Abstract
Objective
This study examined the impact of having one or multiple physical long-term conditions (LTCs) on treatment outcomes and engagement with NHS Talking Therapies (NHS-TT), focusing on clinical and treatment-related moderators.
Methods
A retrospective cohort design was applied to routine data from 44,957 patients discharged from seven NHS-TT services in Northwest England between September 2021 and September 2024. Logistic regression analyses assessed the impact of LTC status (none, one or multiple LTCs) on reliable recovery—defined as clinically significant improvement in both depression and anxiety scores—and treatment engagement, operationalised as planned discharge versus dropout. Moderation analyses explored the influence of provisional diagnosis, baseline functional impairment, treatment intensity and mode of therapy delivery.
Results
LTCs were reported by 47.5% of patients, with 9.4% reporting multiple LTCs. Patients with LTCs had lower odds of reliable recovery (OR = 0.83), with further reductions among those with multimorbidity (OR = 0.71). Conversely, LTC status was associated with higher odds of planned discharge (OR = 1.28).
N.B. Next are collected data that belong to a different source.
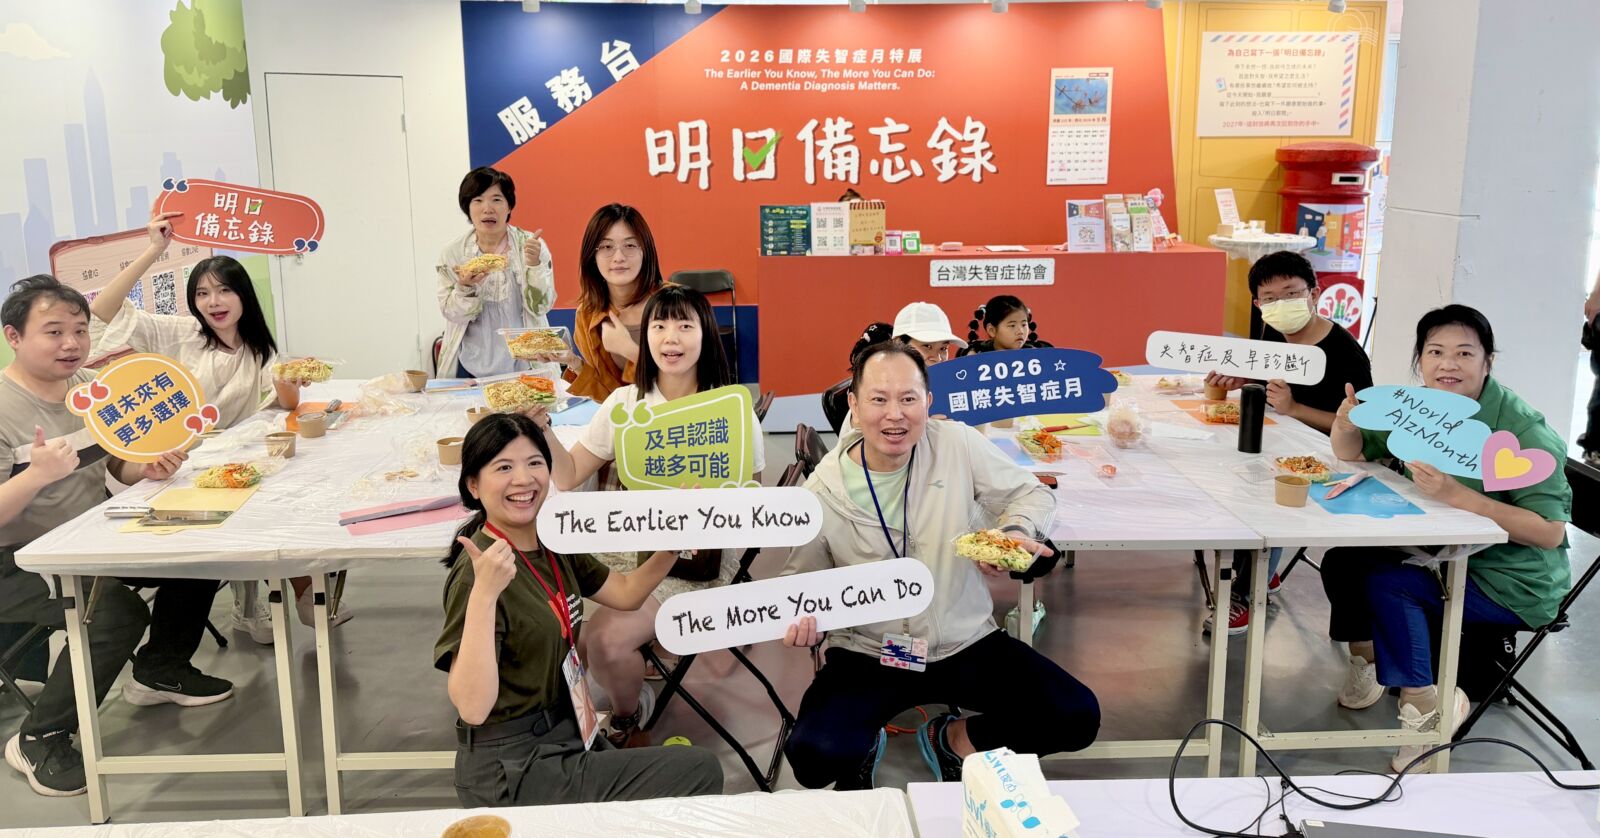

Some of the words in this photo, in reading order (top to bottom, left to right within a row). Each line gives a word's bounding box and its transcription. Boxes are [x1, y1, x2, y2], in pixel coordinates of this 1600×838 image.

[720, 48, 922, 64] 2026國際失智症月特展
[704, 68, 723, 78] The
[727, 68, 761, 79] Earlier
[764, 68, 783, 79] You
[786, 68, 818, 80] Know,
[821, 68, 840, 79] The
[843, 68, 869, 78] More
[872, 68, 891, 78] You
[894, 68, 914, 78] Can
[917, 68, 936, 78] Do:
[740, 81, 748, 91] A
[751, 81, 800, 91] Dementia
[804, 81, 855, 92] Diagnosis
[858, 81, 900, 91] Matters.
[497, 40, 641, 145] 服務台
[644, 116, 999, 190] 明日備忘錄
[213, 192, 263, 215] 明日
[195, 212, 275, 245] 備忘錄
[937, 263, 1047, 282] 台灣失智症協會
[977, 358, 1042, 382] 2026
[1160, 341, 1311, 377] 失智症及早診斷
[96, 371, 175, 428] 讓未來有
[948, 376, 1083, 414] 國際失智症月
[1392, 388, 1464, 435] #World
[113, 390, 191, 448] 更多選擇
[644, 416, 729, 451] 及早認識
[1385, 408, 1478, 472] AlzMonth
[644, 451, 730, 479] 越多可能
[554, 509, 597, 535] The
[607, 507, 689, 533] Earlier
[697, 505, 743, 530] You
[751, 504, 811, 529] Know
[672, 610, 716, 637] The
[726, 604, 781, 630] More
[787, 592, 833, 617] You
[841, 585, 886, 608] Can
[893, 577, 923, 600] Do
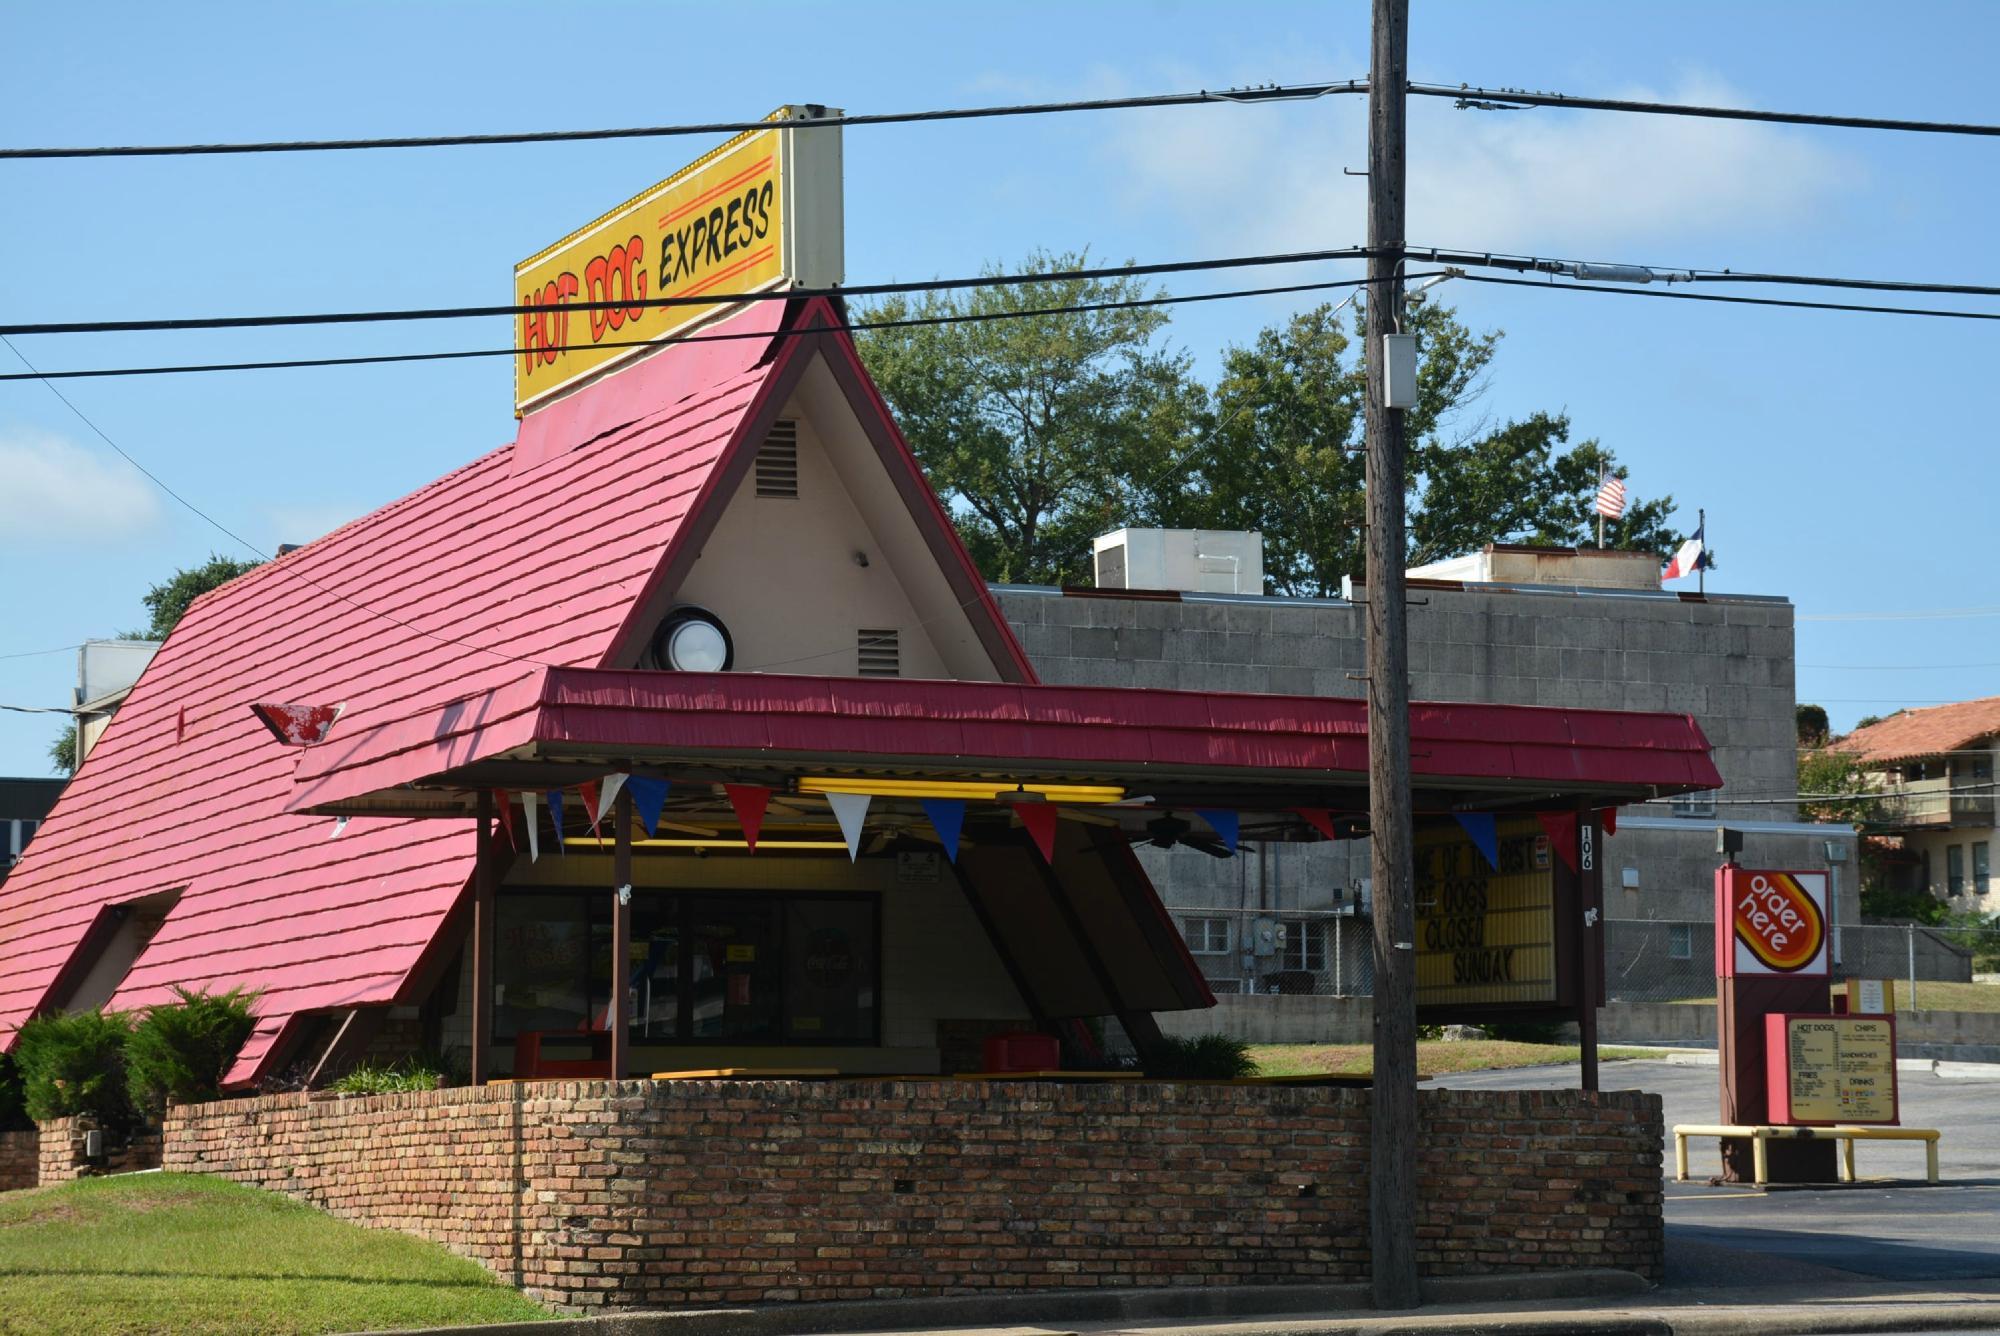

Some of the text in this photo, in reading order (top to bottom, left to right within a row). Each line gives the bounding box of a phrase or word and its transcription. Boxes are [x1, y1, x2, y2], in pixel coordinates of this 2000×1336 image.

[523, 179, 774, 377] HOT DOG EXPRESS
[1582, 826, 1592, 869] 106
[1750, 875, 1806, 934] order
[1426, 916, 1484, 950] CLOSED
[1738, 893, 1788, 952] here
[1454, 948, 1514, 982] SUNDAY
[1814, 1023, 1835, 1032] DOGS
[1854, 1024, 1877, 1032] CHIPS
[1849, 1078, 1875, 1086] DRINKS
The negative association with reliable recovery was attenuated among patients with depression (OR = 1.21) but exacerbated for those with mixed anxiety and depression (OR = 0.71), who also had lower odds of planned discharge (OR = 0.66).
Conclusion
Multimorbidity is associated with poorer clinical outcomes despite higher treatment engagement. Tailored care pathways are needed to better support patients with LTCs.